■ Spatial localization data ■
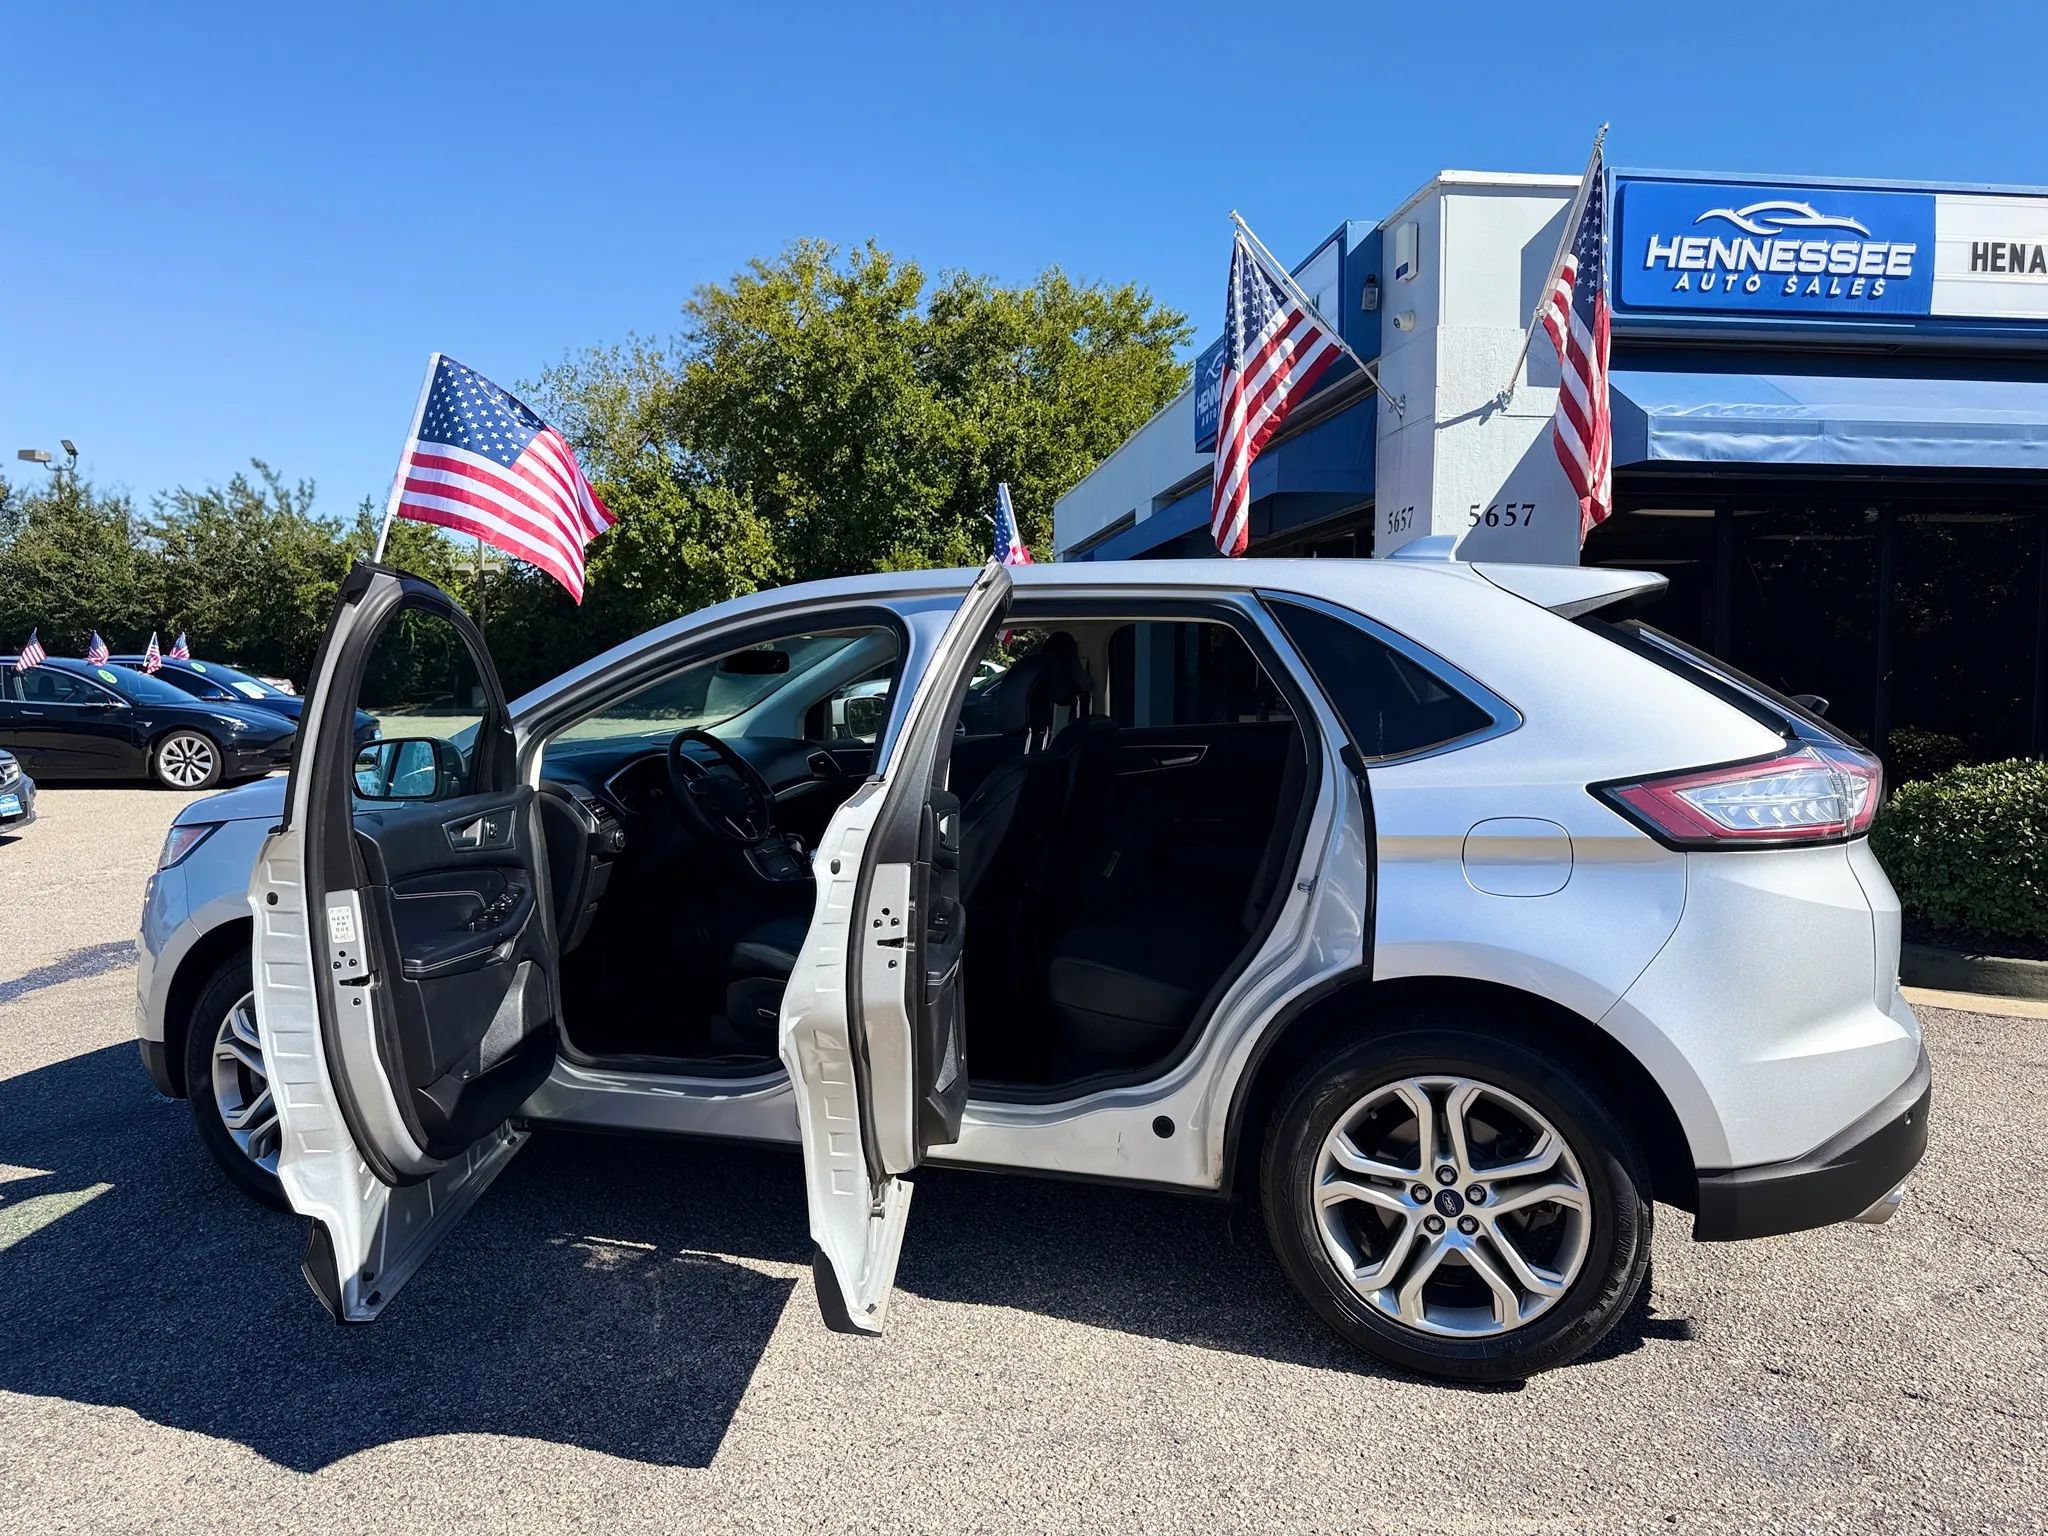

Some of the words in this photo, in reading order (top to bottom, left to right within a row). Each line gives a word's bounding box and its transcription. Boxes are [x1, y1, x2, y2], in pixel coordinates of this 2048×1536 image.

[1645, 234, 1917, 277] HENNESSEE
[1971, 241, 2047, 274] HENA
[1674, 271, 1762, 292] AUTO
[1784, 275, 1886, 297] SALES
[1387, 505, 1415, 535] 5657
[1468, 502, 1536, 528] 5657
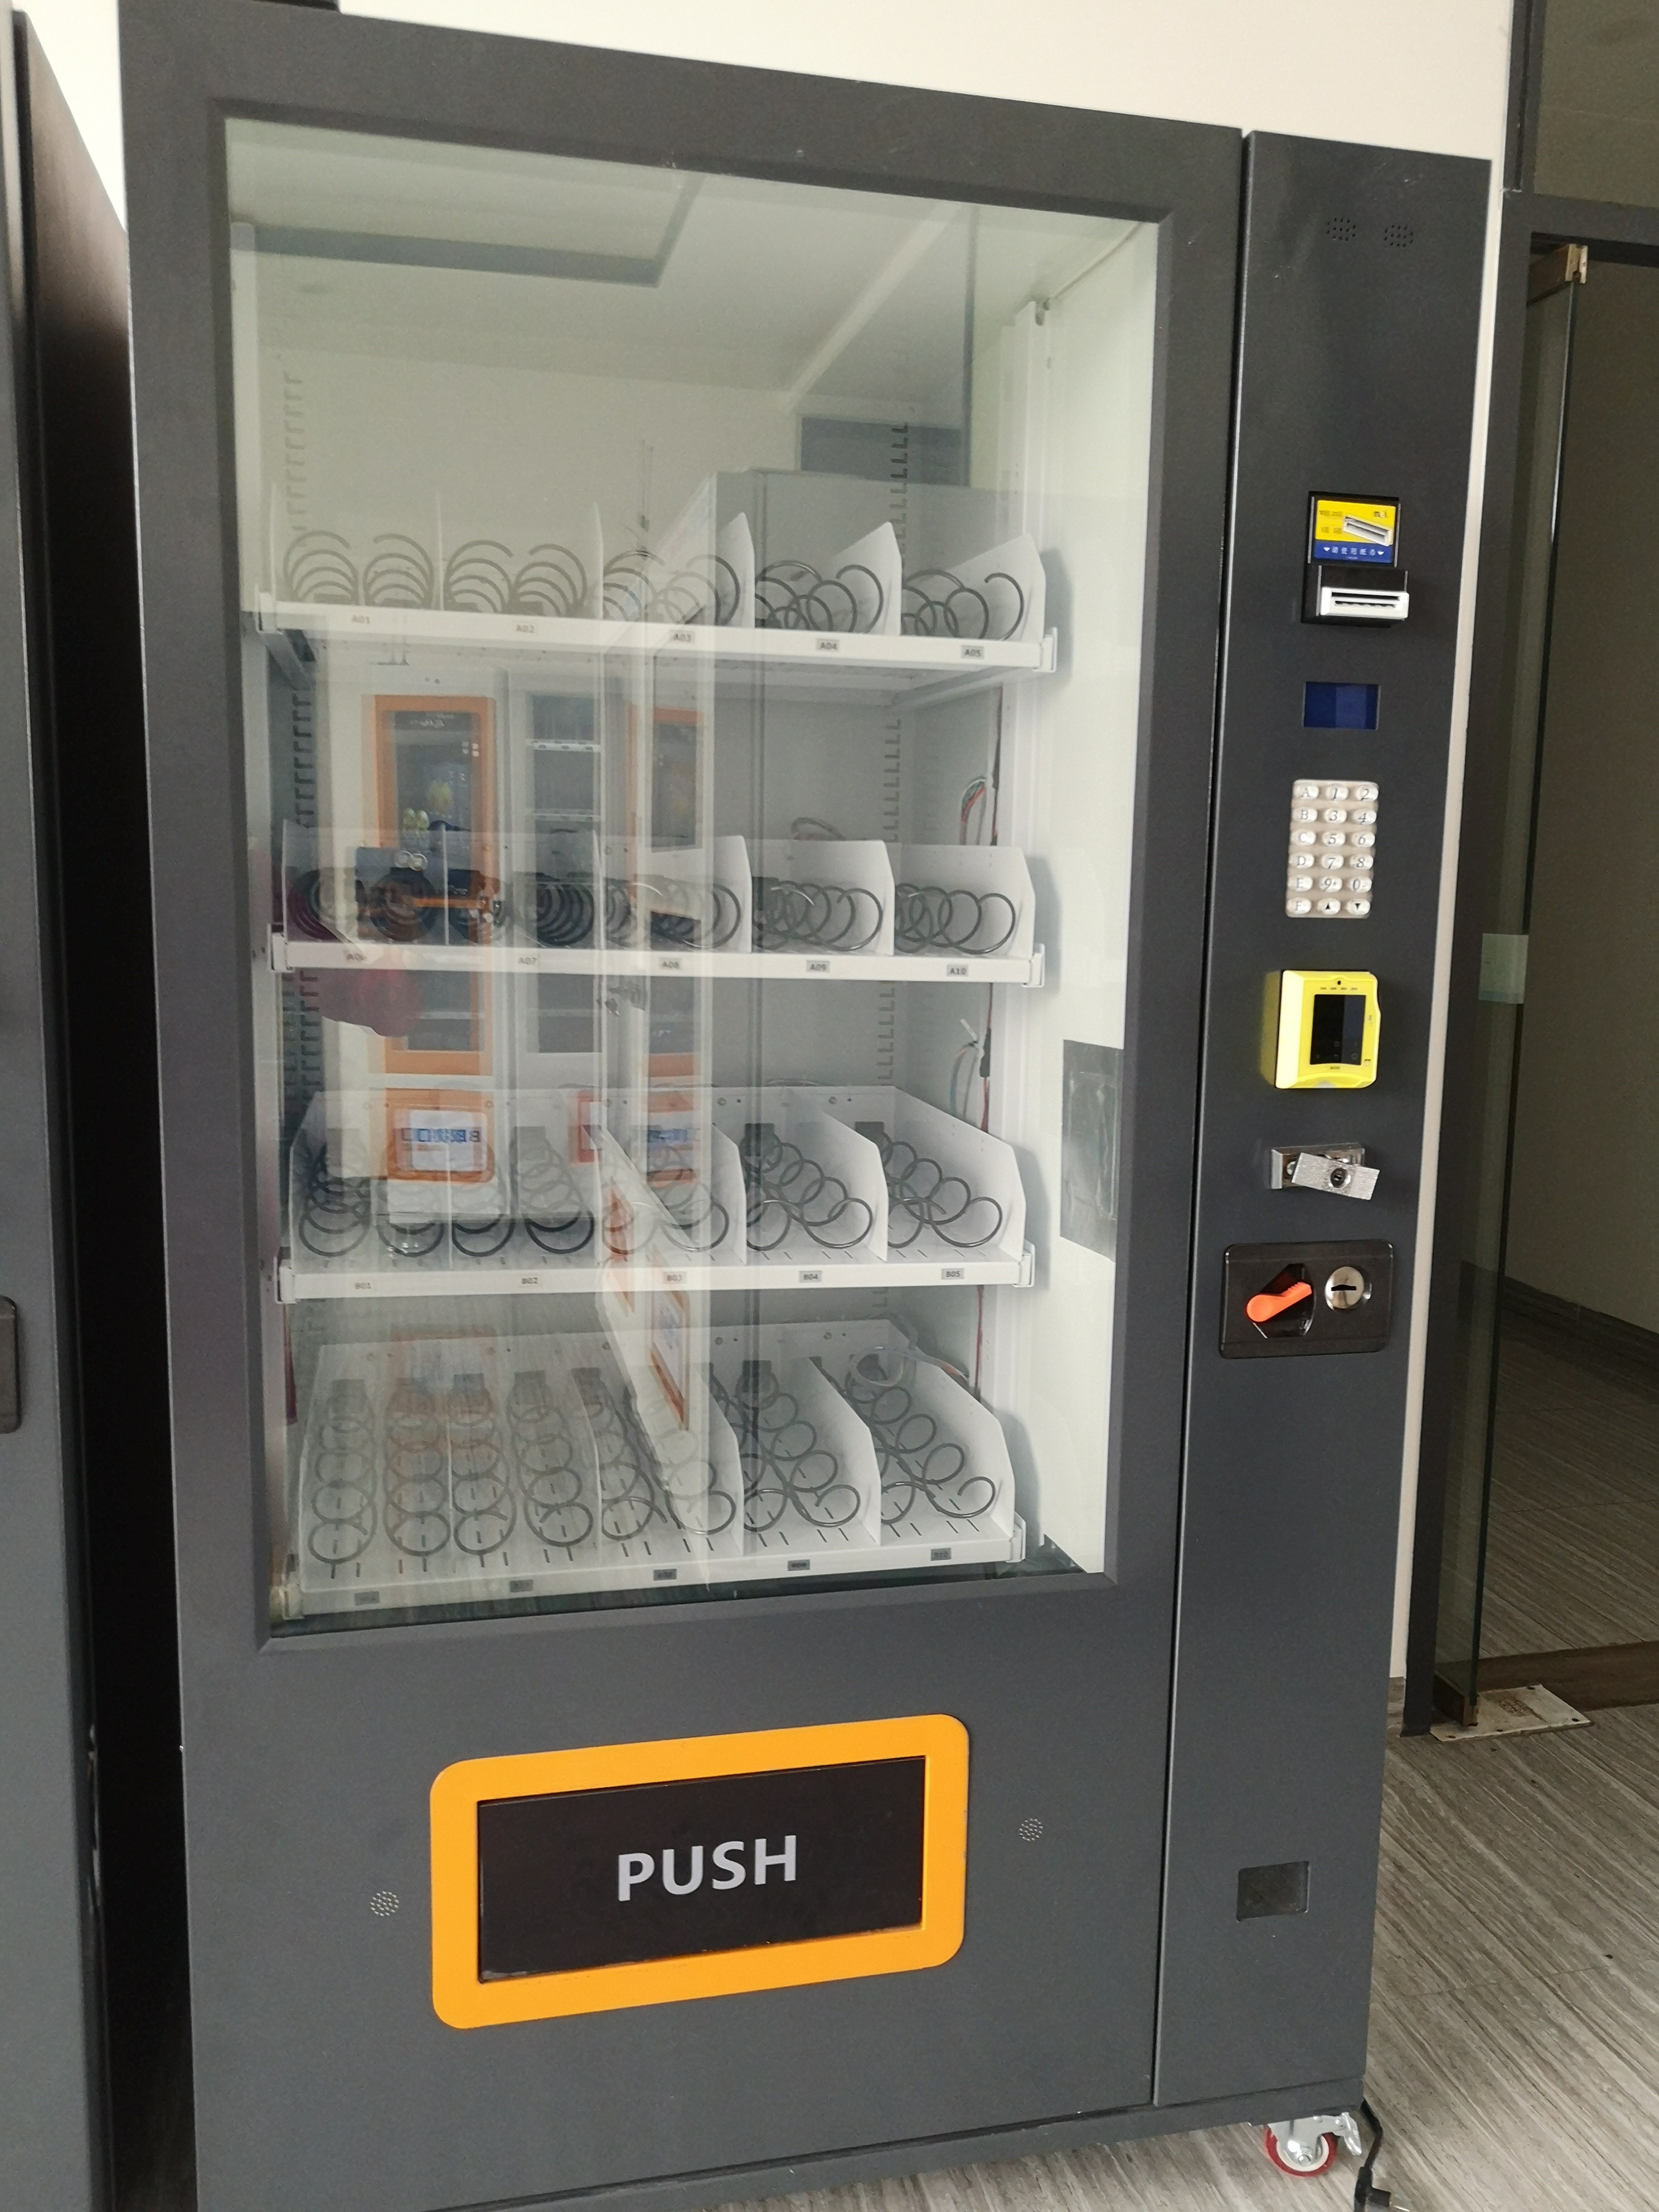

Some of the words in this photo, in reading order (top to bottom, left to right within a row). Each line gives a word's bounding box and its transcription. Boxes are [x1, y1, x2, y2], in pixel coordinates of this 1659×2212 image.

[516, 624, 535, 633] A02
[673, 633, 692, 642] A03
[820, 642, 837, 650] A04
[964, 648, 981, 657] A05
[1301, 787, 1311, 798] A
[1332, 787, 1338, 800] 1
[1360, 788, 1370, 801] 2
[1301, 809, 1309, 820] B
[1329, 810, 1338, 821] 3
[1358, 812, 1367, 824] 4
[1299, 832, 1308, 843] C
[1328, 833, 1337, 845] 5
[1358, 834, 1366, 845] 6
[1297, 856, 1306, 866] D
[1327, 857, 1336, 870] 7
[1356, 857, 1366, 868] 8
[1296, 878, 1304, 889] E
[1295, 901, 1302, 911] F
[618, 1835, 797, 1901] PUSH

■ What the task requires ■
From the line that contains "this 1659×2212 image." down to the last line above, print each line exactly as it appears.

■ Exercise output ■
Some of the words in this photo, in reading order (top to bottom, left to right within a row). Each line gives a word's bounding box and its transcription. Boxes are [x1, y1, x2, y2], in pixel coordinates of this 1659×2212 image.

[516, 624, 535, 633] A02
[673, 633, 692, 642] A03
[820, 642, 837, 650] A04
[964, 648, 981, 657] A05
[1301, 787, 1311, 798] A
[1332, 787, 1338, 800] 1
[1360, 788, 1370, 801] 2
[1301, 809, 1309, 820] B
[1329, 810, 1338, 821] 3
[1358, 812, 1367, 824] 4
[1299, 832, 1308, 843] C
[1328, 833, 1337, 845] 5
[1358, 834, 1366, 845] 6
[1297, 856, 1306, 866] D
[1327, 857, 1336, 870] 7
[1356, 857, 1366, 868] 8
[1296, 878, 1304, 889] E
[1295, 901, 1302, 911] F
[618, 1835, 797, 1901] PUSH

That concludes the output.